Segment Start: Available records

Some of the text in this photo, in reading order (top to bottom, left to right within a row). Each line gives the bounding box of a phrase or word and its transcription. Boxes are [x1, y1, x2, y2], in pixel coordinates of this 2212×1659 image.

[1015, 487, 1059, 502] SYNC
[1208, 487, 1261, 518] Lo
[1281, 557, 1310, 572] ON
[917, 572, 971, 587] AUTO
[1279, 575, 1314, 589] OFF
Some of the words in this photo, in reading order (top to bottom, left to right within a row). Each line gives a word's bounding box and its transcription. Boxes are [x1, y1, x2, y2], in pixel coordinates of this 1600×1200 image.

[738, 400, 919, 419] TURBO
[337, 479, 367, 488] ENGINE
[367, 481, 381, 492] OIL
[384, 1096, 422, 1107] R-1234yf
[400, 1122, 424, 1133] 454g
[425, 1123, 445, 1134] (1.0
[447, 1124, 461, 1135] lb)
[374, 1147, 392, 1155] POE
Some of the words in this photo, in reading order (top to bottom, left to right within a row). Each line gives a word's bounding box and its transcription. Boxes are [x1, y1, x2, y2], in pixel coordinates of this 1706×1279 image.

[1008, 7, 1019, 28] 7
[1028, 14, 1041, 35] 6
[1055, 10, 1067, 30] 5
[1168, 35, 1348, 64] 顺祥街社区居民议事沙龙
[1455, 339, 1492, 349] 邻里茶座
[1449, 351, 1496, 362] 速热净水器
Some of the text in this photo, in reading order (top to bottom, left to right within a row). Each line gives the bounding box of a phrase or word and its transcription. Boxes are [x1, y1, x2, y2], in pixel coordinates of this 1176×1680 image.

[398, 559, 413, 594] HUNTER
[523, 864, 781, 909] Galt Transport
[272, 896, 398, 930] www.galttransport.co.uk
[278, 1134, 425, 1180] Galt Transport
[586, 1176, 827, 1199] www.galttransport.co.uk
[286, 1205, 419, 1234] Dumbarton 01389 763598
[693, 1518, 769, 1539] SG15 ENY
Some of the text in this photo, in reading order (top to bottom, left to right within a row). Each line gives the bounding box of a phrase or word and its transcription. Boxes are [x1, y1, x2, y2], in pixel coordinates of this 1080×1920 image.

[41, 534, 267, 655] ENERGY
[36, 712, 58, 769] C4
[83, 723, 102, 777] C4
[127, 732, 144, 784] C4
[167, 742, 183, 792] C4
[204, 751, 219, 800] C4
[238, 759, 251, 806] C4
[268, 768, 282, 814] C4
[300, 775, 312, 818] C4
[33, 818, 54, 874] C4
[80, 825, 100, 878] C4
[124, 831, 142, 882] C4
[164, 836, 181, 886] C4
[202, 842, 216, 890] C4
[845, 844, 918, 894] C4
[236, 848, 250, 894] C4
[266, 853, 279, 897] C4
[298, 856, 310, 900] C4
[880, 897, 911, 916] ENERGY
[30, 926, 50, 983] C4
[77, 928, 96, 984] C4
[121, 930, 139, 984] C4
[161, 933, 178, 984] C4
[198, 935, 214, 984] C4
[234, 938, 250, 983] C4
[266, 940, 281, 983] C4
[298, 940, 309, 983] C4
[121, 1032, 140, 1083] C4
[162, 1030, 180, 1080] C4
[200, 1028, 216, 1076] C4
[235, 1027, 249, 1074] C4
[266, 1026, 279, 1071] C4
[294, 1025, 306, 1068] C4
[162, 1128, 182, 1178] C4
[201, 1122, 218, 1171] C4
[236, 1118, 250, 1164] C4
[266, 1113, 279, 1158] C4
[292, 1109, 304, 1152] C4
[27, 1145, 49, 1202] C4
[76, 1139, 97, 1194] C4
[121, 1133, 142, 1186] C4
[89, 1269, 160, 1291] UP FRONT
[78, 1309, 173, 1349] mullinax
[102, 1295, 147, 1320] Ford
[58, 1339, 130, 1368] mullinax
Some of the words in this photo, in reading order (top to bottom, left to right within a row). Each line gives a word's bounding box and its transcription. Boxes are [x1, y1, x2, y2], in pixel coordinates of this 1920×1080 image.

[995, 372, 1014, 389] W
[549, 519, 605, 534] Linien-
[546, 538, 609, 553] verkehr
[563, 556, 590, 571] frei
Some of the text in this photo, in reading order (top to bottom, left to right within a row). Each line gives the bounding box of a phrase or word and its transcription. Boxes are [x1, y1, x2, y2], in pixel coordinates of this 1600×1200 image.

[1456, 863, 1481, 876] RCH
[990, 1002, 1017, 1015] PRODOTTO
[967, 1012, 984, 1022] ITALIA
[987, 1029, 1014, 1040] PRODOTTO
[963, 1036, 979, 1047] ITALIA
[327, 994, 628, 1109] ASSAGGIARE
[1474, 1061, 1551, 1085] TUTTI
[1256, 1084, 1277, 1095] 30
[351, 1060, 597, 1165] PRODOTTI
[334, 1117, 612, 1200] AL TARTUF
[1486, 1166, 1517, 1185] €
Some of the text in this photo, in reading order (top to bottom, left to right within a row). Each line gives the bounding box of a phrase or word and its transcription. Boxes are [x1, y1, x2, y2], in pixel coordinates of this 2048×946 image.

Segment End: Available records

• What is expected
Starting from the first line above, copy the data through to the last line exactly.

• Exercise result
Some of the text in this photo, in reading order (top to bottom, left to right within a row). Each line gives the bounding box of a phrase or word and its transcription. Boxes are [x1, y1, x2, y2], in pixel coordinates of this 2212×1659 image.

[1015, 487, 1059, 502] SYNC
[1208, 487, 1261, 518] Lo
[1281, 557, 1310, 572] ON
[917, 572, 971, 587] AUTO
[1279, 575, 1314, 589] OFF
Some of the words in this photo, in reading order (top to bottom, left to right within a row). Each line gives a word's bounding box and its transcription. Boxes are [x1, y1, x2, y2], in pixel coordinates of this 1600×1200 image.

[738, 400, 919, 419] TURBO
[337, 479, 367, 488] ENGINE
[367, 481, 381, 492] OIL
[384, 1096, 422, 1107] R-1234yf
[400, 1122, 424, 1133] 454g
[425, 1123, 445, 1134] (1.0
[447, 1124, 461, 1135] lb)
[374, 1147, 392, 1155] POE
Some of the words in this photo, in reading order (top to bottom, left to right within a row). Each line gives a word's bounding box and its transcription. Boxes are [x1, y1, x2, y2], in pixel coordinates of this 1706×1279 image.

[1008, 7, 1019, 28] 7
[1028, 14, 1041, 35] 6
[1055, 10, 1067, 30] 5
[1168, 35, 1348, 64] 顺祥街社区居民议事沙龙
[1455, 339, 1492, 349] 邻里茶座
[1449, 351, 1496, 362] 速热净水器
Some of the text in this photo, in reading order (top to bottom, left to right within a row). Each line gives the bounding box of a phrase or word and its transcription. Boxes are [x1, y1, x2, y2], in pixel coordinates of this 1176×1680 image.

[398, 559, 413, 594] HUNTER
[523, 864, 781, 909] Galt Transport
[272, 896, 398, 930] www.galttransport.co.uk
[278, 1134, 425, 1180] Galt Transport
[586, 1176, 827, 1199] www.galttransport.co.uk
[286, 1205, 419, 1234] Dumbarton 01389 763598
[693, 1518, 769, 1539] SG15 ENY
Some of the text in this photo, in reading order (top to bottom, left to right within a row). Each line gives the bounding box of a phrase or word and its transcription. Boxes are [x1, y1, x2, y2], in pixel coordinates of this 1080×1920 image.

[41, 534, 267, 655] ENERGY
[36, 712, 58, 769] C4
[83, 723, 102, 777] C4
[127, 732, 144, 784] C4
[167, 742, 183, 792] C4
[204, 751, 219, 800] C4
[238, 759, 251, 806] C4
[268, 768, 282, 814] C4
[300, 775, 312, 818] C4
[33, 818, 54, 874] C4
[80, 825, 100, 878] C4
[124, 831, 142, 882] C4
[164, 836, 181, 886] C4
[202, 842, 216, 890] C4
[845, 844, 918, 894] C4
[236, 848, 250, 894] C4
[266, 853, 279, 897] C4
[298, 856, 310, 900] C4
[880, 897, 911, 916] ENERGY
[30, 926, 50, 983] C4
[77, 928, 96, 984] C4
[121, 930, 139, 984] C4
[161, 933, 178, 984] C4
[198, 935, 214, 984] C4
[234, 938, 250, 983] C4
[266, 940, 281, 983] C4
[298, 940, 309, 983] C4
[121, 1032, 140, 1083] C4
[162, 1030, 180, 1080] C4
[200, 1028, 216, 1076] C4
[235, 1027, 249, 1074] C4
[266, 1026, 279, 1071] C4
[294, 1025, 306, 1068] C4
[162, 1128, 182, 1178] C4
[201, 1122, 218, 1171] C4
[236, 1118, 250, 1164] C4
[266, 1113, 279, 1158] C4
[292, 1109, 304, 1152] C4
[27, 1145, 49, 1202] C4
[76, 1139, 97, 1194] C4
[121, 1133, 142, 1186] C4
[89, 1269, 160, 1291] UP FRONT
[78, 1309, 173, 1349] mullinax
[102, 1295, 147, 1320] Ford
[58, 1339, 130, 1368] mullinax
Some of the words in this photo, in reading order (top to bottom, left to right within a row). Each line gives a word's bounding box and its transcription. Boxes are [x1, y1, x2, y2], in pixel coordinates of this 1920×1080 image.

[995, 372, 1014, 389] W
[549, 519, 605, 534] Linien-
[546, 538, 609, 553] verkehr
[563, 556, 590, 571] frei
Some of the text in this photo, in reading order (top to bottom, left to right within a row). Each line gives the bounding box of a phrase or word and its transcription. Boxes are [x1, y1, x2, y2], in pixel coordinates of this 1600×1200 image.

[1456, 863, 1481, 876] RCH
[990, 1002, 1017, 1015] PRODOTTO
[967, 1012, 984, 1022] ITALIA
[987, 1029, 1014, 1040] PRODOTTO
[963, 1036, 979, 1047] ITALIA
[327, 994, 628, 1109] ASSAGGIARE
[1474, 1061, 1551, 1085] TUTTI
[1256, 1084, 1277, 1095] 30
[351, 1060, 597, 1165] PRODOTTI
[334, 1117, 612, 1200] AL TARTUF
[1486, 1166, 1517, 1185] €
Some of the text in this photo, in reading order (top to bottom, left to right within a row). Each line gives the bounding box of a phrase or word and its transcription. Boxes are [x1, y1, x2, y2], in pixel coordinates of this 2048×946 image.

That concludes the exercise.